In today’s social media era, engagement isn’t about popularity — it’s currency. Platforms like X (formerly Twitter) have monetised user interactions and engagement, transforming likes, shares, and comments into potential payouts. But as users chase virality, the lines blur between actual conversations and engineered controversy.
The question is, why?
Picture this: An Indian entrepreneur criticises a US hotel/casino for charging ₹1,200 for a bottle of water, while drawing comparisons between Indian and American hospitality. Also, an Indian CEO/cofounder of a US based start-up sparked outrage by claiming his employees should work many hours with no regards for work-life balance.
What connects these examples? Both individuals are Premium X subscribers, and their posts received — 828.4K and 1.6M views, in terms of engagement respectively. While their opinions sparked controversy, the real goal was to gain visibility and potentially earn money.
This isn’t accidental. Engagement farming — seeking maximum interactions — and engagement baiting — crafting posts designed to elicit responses — could be at play.

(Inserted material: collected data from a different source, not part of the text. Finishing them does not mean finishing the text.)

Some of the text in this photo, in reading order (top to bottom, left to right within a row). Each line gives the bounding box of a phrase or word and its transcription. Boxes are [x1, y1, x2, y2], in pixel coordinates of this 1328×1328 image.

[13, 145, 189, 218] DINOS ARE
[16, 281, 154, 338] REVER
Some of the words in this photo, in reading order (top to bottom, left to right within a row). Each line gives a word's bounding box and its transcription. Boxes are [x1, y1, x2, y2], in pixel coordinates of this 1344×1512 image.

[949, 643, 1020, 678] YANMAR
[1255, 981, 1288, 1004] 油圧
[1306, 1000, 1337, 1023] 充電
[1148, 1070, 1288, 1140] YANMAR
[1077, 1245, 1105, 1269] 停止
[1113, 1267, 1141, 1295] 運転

In 2023, X introduced a revenue-sharing programme allowing premium users to earn money through ads. By October 2024, it evolved to payouts depending on engagement from Premium users, not just ads in replies. This shift brought about creators to prioritise virality over substance, often using controversy to cash in. Influencers in positions of privilege often use polarising topics like work-life balance, social dynamics to get more reactions and increase their earnings.
At the same time, users are pushing back. Some call them out, many avoid engaging directly with these posts and instead share screenshots to discuss it elsewhere.
Are platforms doing enough to stop these practices, or is it another business model for them?
Before engaging, ask yourself: Are you adding to the conversation or just boosting someone’s earnings?
A moment’s thought before commenting can make a difference.